Mannheim – Wenn Frauen mit Herzinsuffizienz seltener, später und niedriger dosiert medikamentös behandelt werden, ist dies nicht unbedingt ein Hinweis auf therapeutischen Nihilismus. Vielmehr liefern das meist höhere Erkrankungsalter, eine andere Verteilung der Erkrankungsursachen und eine geringere therapeutische Breite vieler Medikamente bei Frauen gute Gründe für eine differenzierte, geschlechtsspezifische Therapie. Und: Frauen mit Herzinsuffizienz profitieren mehr als ihre männlichen Leidensgenossen von körperlicher Aktivität.
„In Statistiken und Studien zur Herzinsuffizienz sind Frauen keineswegs unterrepräsentiert – sie sind, zumindest in der Altersgruppe der unter 60-Jährigen, einfach seltener von der Erkrankung betroffen.“ Dies stellte Prof. Dr. Erland Erdmann, der bis 2012 die Kardiologische Klinik an der Universitätsklinik in Köln leitete, bei der 79. Jahrestagung der Deutschen Gesellschaft für Kardiologie – Herz- und Kreislaufforschung (DGK) in Mannheim klar [1].
Zudem gibt es geschlechtsspezifische Unterschiede in der Pathophysiologie: „Bei den Frauen spielt Vorhofflimmern seltener eine Rolle, und auch Ischämien, etwa bei Zustand nach Herzinfarkt, sind seltener der Grund für die Herzinsuffizienz als bei männlichen Patienten“, so Erdmann [2,3]. Häufiger sei dagegen eine Hypertonie (alleinige) Ursache der weiblichen Herzschwäche. Und öfter als bei Männern finde sich bei Frauen eine diastolische Herzinsuffizienz mit erhaltener Auswurffraktion, für die es derzeit leider nur wenige Therapiemöglichkeiten gebe.

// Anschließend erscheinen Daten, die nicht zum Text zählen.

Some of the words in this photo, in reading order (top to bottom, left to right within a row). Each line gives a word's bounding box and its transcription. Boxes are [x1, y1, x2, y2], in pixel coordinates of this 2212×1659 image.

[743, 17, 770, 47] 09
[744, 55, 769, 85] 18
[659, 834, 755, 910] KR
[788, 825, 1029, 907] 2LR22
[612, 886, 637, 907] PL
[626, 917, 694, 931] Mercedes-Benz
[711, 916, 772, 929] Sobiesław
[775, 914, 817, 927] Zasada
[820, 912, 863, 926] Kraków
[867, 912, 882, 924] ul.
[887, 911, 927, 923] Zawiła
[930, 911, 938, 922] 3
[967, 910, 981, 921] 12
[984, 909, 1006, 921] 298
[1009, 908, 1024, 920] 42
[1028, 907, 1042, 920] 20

Schmaleres therapeutisches Fenster

„Selbst bei Herzinsuffizienz gleicher Genese dürfen Männer und Frauen nicht immer in gleicher Weise therapiert werden“, gab Prof. Dr. Vera Regitz-Zagrosek, Direktorin am Institut für Geschlechterforschung an der Charité in Berlin, zu bedenken. „Die indizierten Medikamente sollten bei Frauen mit Bedacht eingesetzt werden. Besonderer Wert ist auf eine adäquate Dosierung zu legen.“
Für etliche Medikamente, die bei Herzinsuffizienz und deren kardiovaskulären Komorbiditäten angezeigt sind, habe sich bei Frauen ein ungünstigeres Nutzen-Risiko-Verhältnis gezeigt, betonte Regitz-Zagrosek. So litten Frauen unter Therapie mit ACE-Hemmern etwa anderthalbmal so häufig wie Männer an Husten. Das Blutungsrisiko bei Therapie mit GPIIa/IIIb-Inhibitoren sowie mit klassischen Gerinnungshemmern sei bei Frauen erhöht [4]. Und eine retrospektive Auswertung der bekannten Digitalis-Studie habe sogar eine Übersterblichkeit von Frauen unter Digoxin-Therapie nachgewiesen [5].

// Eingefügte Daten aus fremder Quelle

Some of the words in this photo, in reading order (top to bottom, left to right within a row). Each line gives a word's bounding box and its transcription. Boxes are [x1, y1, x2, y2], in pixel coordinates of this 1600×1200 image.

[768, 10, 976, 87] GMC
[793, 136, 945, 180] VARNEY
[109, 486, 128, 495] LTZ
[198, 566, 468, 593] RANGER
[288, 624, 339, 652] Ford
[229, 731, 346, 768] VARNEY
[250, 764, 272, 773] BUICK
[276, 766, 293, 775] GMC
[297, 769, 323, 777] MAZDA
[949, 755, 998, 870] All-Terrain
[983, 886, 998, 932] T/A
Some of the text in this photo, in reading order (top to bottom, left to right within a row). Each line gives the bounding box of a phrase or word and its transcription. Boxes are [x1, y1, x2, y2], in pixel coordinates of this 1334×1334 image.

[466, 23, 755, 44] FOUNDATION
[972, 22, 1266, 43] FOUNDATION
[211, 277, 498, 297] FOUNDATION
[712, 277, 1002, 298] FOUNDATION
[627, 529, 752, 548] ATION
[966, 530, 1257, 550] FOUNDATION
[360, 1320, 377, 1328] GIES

Neben dem meist geringeren Körpergewicht der Frauen könnte auch die geschlechtsspezifisch unterschiedliche Verteilung der Körperkompartimente, etwa der geringere Anteil an „lean body mass“ bei Frauen, mitverantwortlich sein für das schmalere therapeutische Fenster einiger Medikamente bei den Patientinnen, meinte die Expertin.

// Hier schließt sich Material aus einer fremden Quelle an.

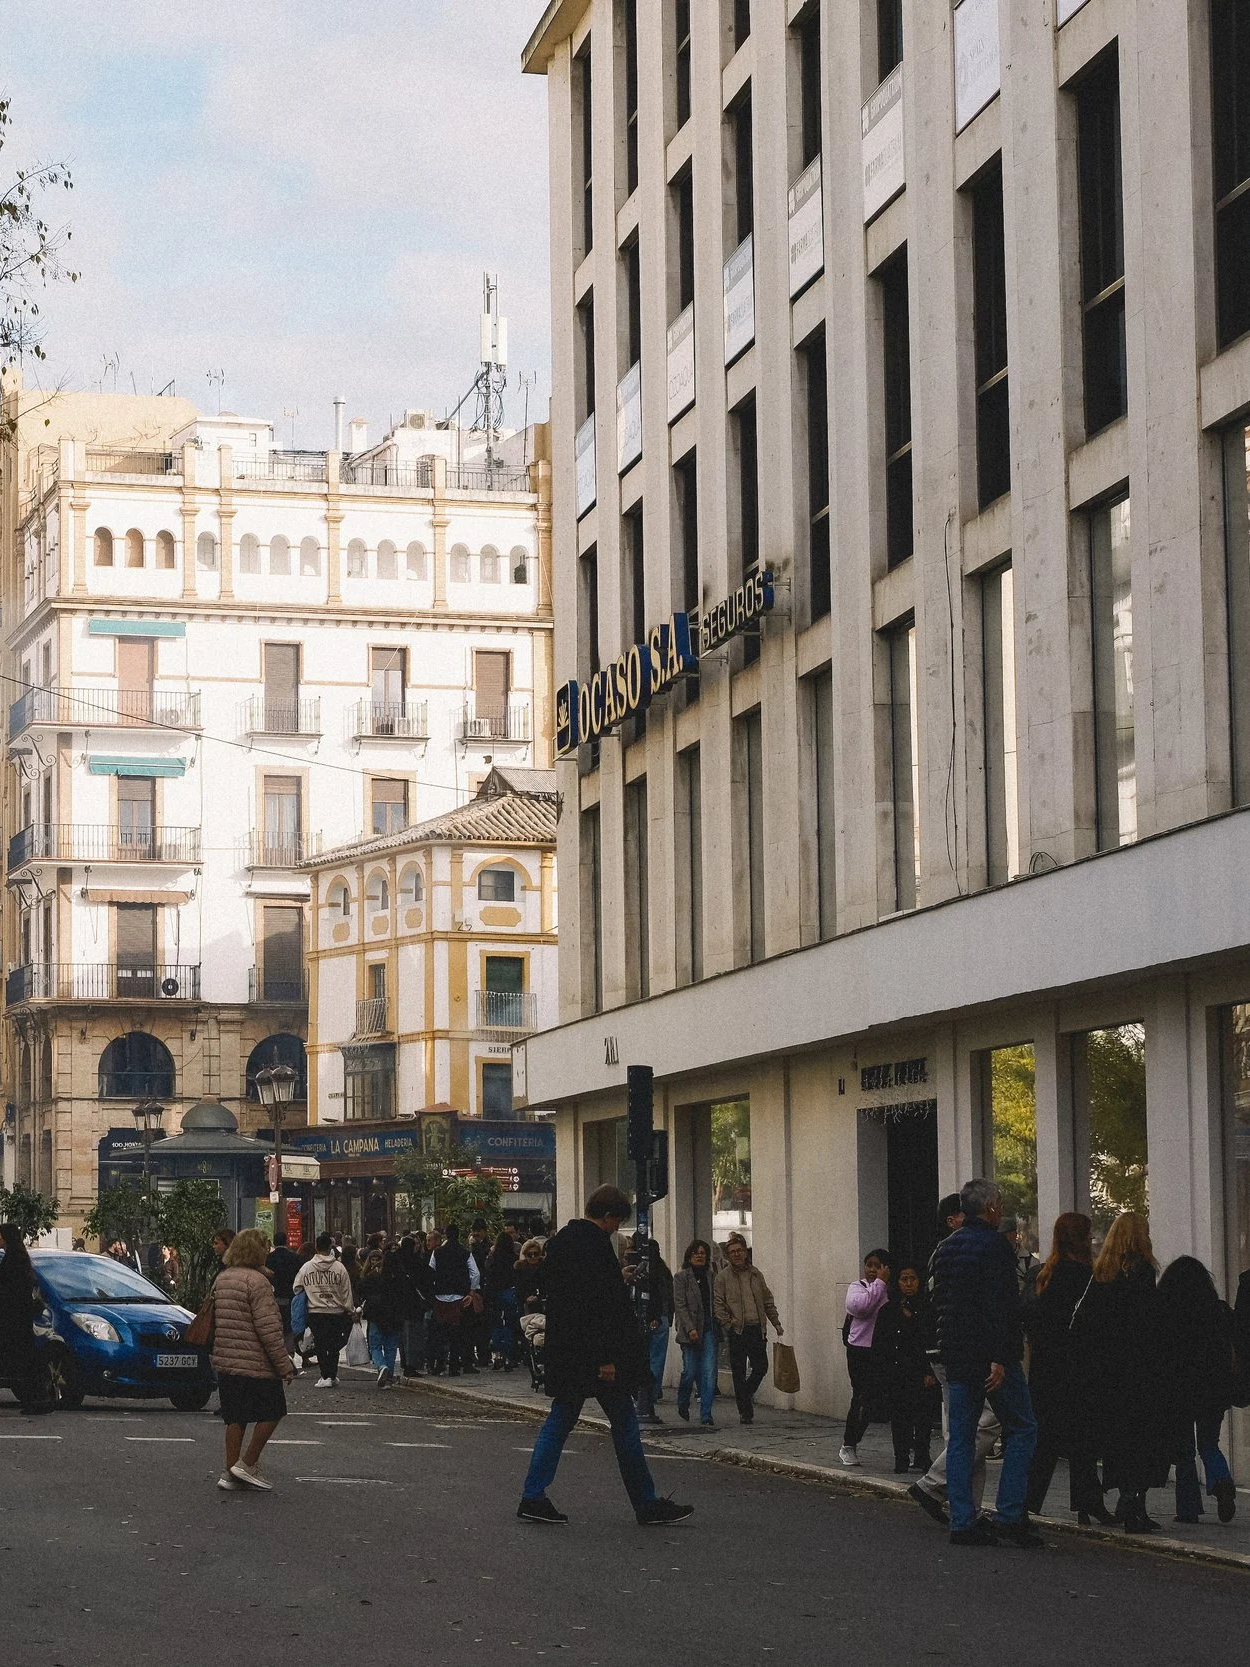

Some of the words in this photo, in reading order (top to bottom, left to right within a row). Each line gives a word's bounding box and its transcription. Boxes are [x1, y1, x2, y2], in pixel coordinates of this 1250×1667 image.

[579, 643, 643, 743] OCASO
[650, 614, 687, 695] S.A.
[702, 571, 766, 650] SEGUROS
[330, 1140, 340, 1154] LA
[343, 1137, 379, 1154] CAMPANA
[384, 1137, 412, 1149] HELADERIA
[304, 1271, 315, 1286] OUT
[316, 1270, 324, 1285] OF
[158, 1356, 179, 1366] 5237
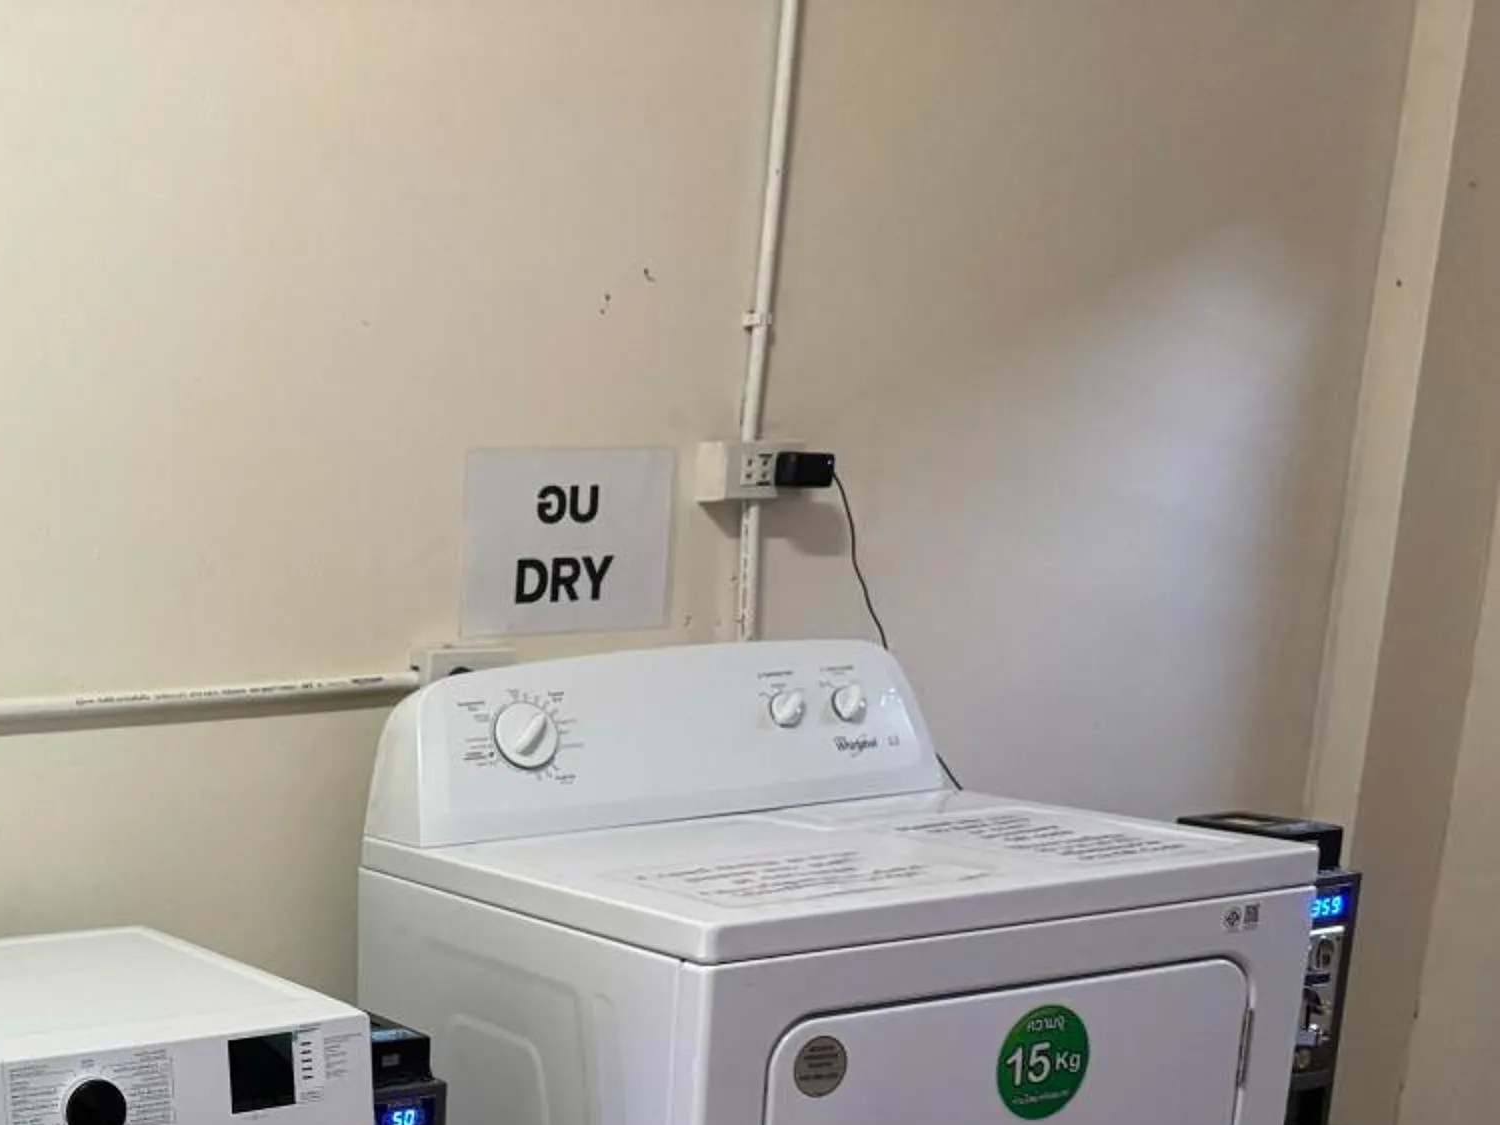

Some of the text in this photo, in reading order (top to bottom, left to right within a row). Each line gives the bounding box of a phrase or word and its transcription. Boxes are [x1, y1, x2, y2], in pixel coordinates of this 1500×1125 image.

Belastungstraining wirkt besser
Eine Maßnahme wirkt allerdings bei Frauen besonders gut, auch wenn nicht alle Betroffenen davon begeistert sein dürften: Eine aktuelle Auswertung der Daten der HF-ACTION-Studie zeigte für Patientinnen mit Herzinsuffizienz und Auswurffraktion unter 35% bei regelmäßiger körperlicher Aktivität nach Anleitung eine Verringerung der Gesamtmortalität um fast 30% [6]. Auch die meisten kardiovaskulären Endpunkte waren signifikant gebessert. „Bei den männlichen Patienten in der Studie war dieser Effekt nicht nachweisbar; sie waren hier im Nachteil“, so Regitz-Zagrosek.